江南五月,暮色温柔。
晚霞把天空揉成了淡粉与橘红。
风一吹,棉絮漫过青山与江面。
一辆三轮车的车轮碾着落日余晖,不慌不忙。
“御东园到了,小富婆。”苏笙轻点乌瞳半开半阖的君挽彤,手指捋过一条马尾。
“啊,困。”君挽彤抚臀一跃而下,裙子飘起半厘。
“拿个榴莲。”
苏笙钻进车厢,从一沓袋子里扯出两个,装下椭圆状的金枕。
没有提,君挽彤双手抱住半透明塑料袋,任刺扎衣,挤眉弄眼道:
“走了,史蒂芬。”
【班级倒数第七,得找个时间辅导他。】
【并且改掉他留空的陋习。】
苏笙面色一沉,外国友人的名字还挺好听。
他不如改个名,就叫史蒂芬·苏。
下次月考,还考三百六。
“终于可以开快了。”苏笙上车,速度拉满。
一个飘移,两条黑印自车底部流出。
【普通车技+1】
暮色半临,苏笙来到“鑫风”:
“老板娘,还车。”
老板娘换了条干净点的米黄围裙。
戴着双油污浸成炭色的白手套,正俯身拧出车轮上的螺丝。
她没看开回来的车,直接说:
“迭两日还勿到,退侬两百块,好伐啦?”
一天一百五,也没多收我钱……苏笙干脆应下:
“好。”
收到退还的两百,苏笙慢步回校。
四小时买完七百斤榴莲,前半趟赚两千,后半趟赚六千。
减去消费与转账,整趟下来,约赚六千三。
两天六千三,普通打工仔不扣税,一个月的工资。
连续干十五次,一个月狂捞九万。
重生者,牛逼!
收敛发散的美好幻想,苏笙扬唇:
“这只是一个开始。”
小巷子里,灯火酒绿。
红色灯光下,一位二十多岁的黑丝包臀女子笑问:
“小哥,大晚上的去哪里啊?”
“回校。”
“这都放假了,还回校,你是外省人?”
“是。”
“要休息吗?比校内宿舍舒服哦。”
“一个硬币几分钟?”苏笙问道。
“八八一发子弹,幺八八一个钟,八八八一天。”女郎流利道:
“八八八八可拍可流播。”
“是跟你玩喷水枪大战吗?”
“是的呢,小师哥。”
“我有HIV。”
“我也有,正好。
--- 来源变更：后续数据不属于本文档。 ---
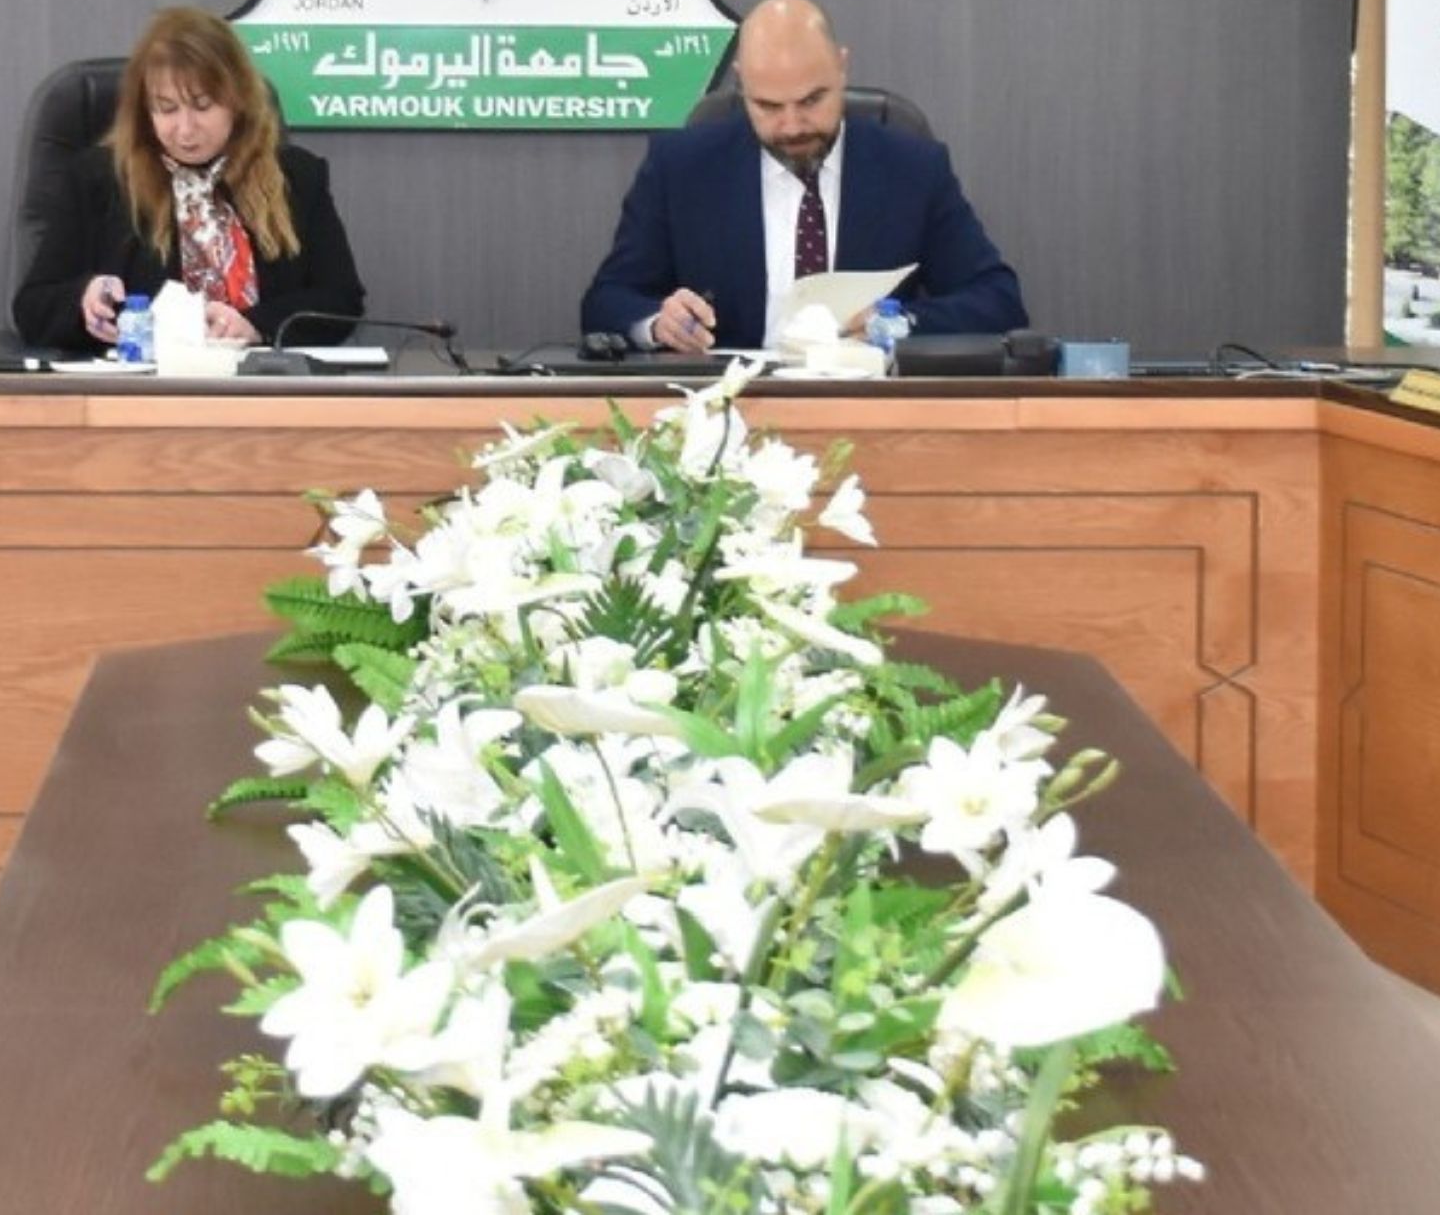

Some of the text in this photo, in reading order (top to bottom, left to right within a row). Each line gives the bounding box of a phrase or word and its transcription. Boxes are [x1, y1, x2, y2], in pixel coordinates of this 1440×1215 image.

[313, 31, 649, 90] جامعة اليرموك
[311, 95, 653, 118] YARMOUK UNIVERSITY
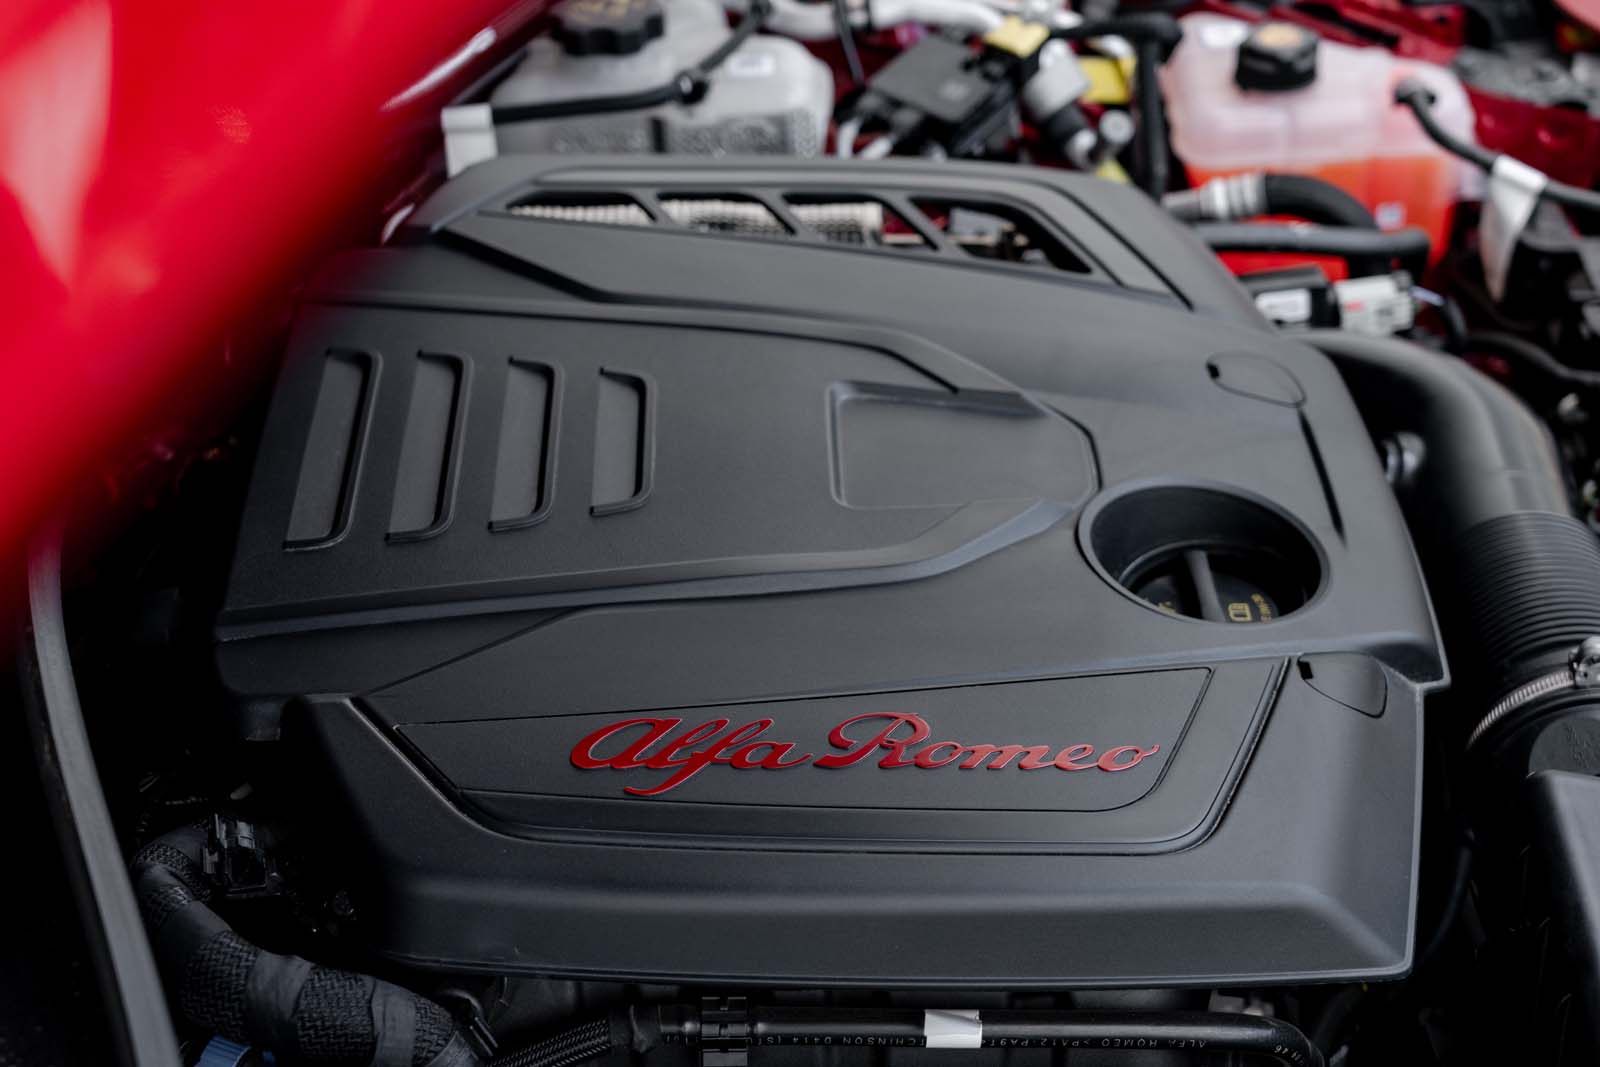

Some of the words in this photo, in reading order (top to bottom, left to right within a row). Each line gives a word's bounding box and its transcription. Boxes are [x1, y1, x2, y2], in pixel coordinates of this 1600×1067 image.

[570, 717, 813, 796] Alfa
[813, 711, 1160, 772] Romeo
[842, 1036, 925, 1047] TCHINSON
[1101, 1038, 1158, 1048] ROMEO
[1167, 1039, 1207, 1048] ALFA
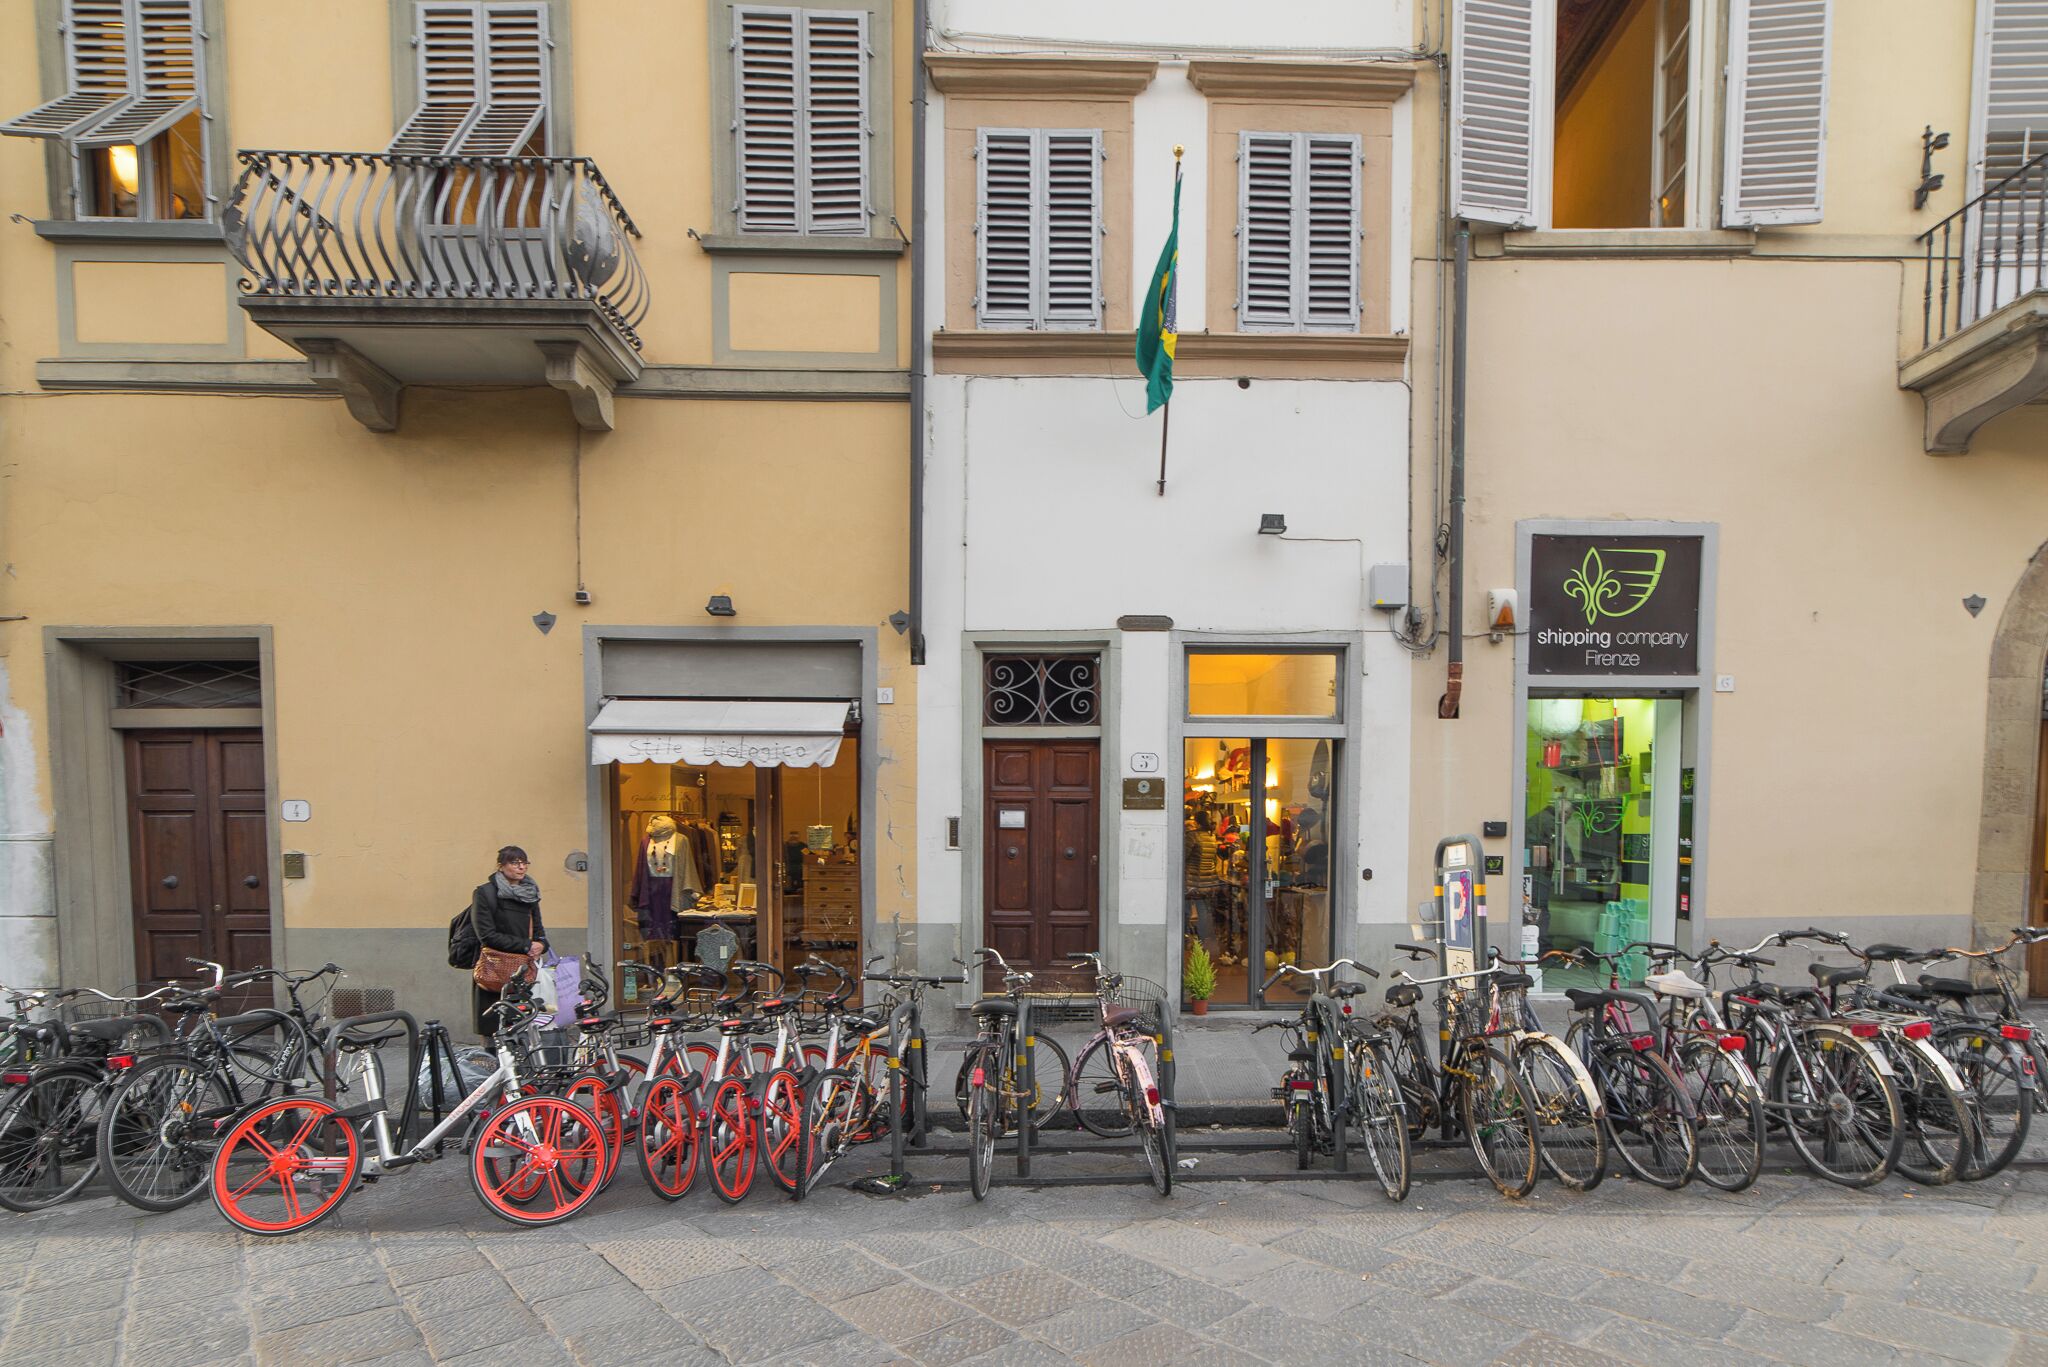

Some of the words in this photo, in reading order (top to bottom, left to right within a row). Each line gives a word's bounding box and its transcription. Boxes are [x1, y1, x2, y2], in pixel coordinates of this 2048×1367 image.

[1537, 628, 1611, 648] shipping
[1616, 631, 1689, 648] company
[1585, 650, 1640, 666] Firenze
[628, 736, 683, 757] Stile
[702, 736, 807, 763] biologico
[1449, 881, 1467, 942] P
”
“不好意思,骗你的。”
两耳不听泼妇声,苏笙逃离小破巷。
这行业,零零年,一零年较多。
二几年虽有,但在大众眼中基本销声匿迹。
这种好事也能被我遇到?他快步走远。
——
御东园内唯一的法式外形楼。
君赢辰夹起一筷丝瓜送入口中,滋味清淡,瓜香清浅,软嫩里鲜爽却淡。
“谁做的菜?”
“小妹不会煮菜,除了我,还能有谁?”君雪汐双手抱着手机承认。
垂下筷子,君赢辰无奈眯眼:
“没加盐,太淡了,下次记得加。”
大小姐一脸无所谓:
“哦。”
“啧。”紧接着,一家之主吃下一口清炒蒜苗,法令纹更皱:
“这个,咸死了。”
“怪不得,我就说水煮丝瓜胃口怎么会这么淡,原来是盐加到了蒜里。”
“我们家就一口锅。”君赢辰若有深意。
“哦。”君雪汐闷头干饭。
吃饭不语的君挽彤捏紧筷子:
“爸,给我转两千万。”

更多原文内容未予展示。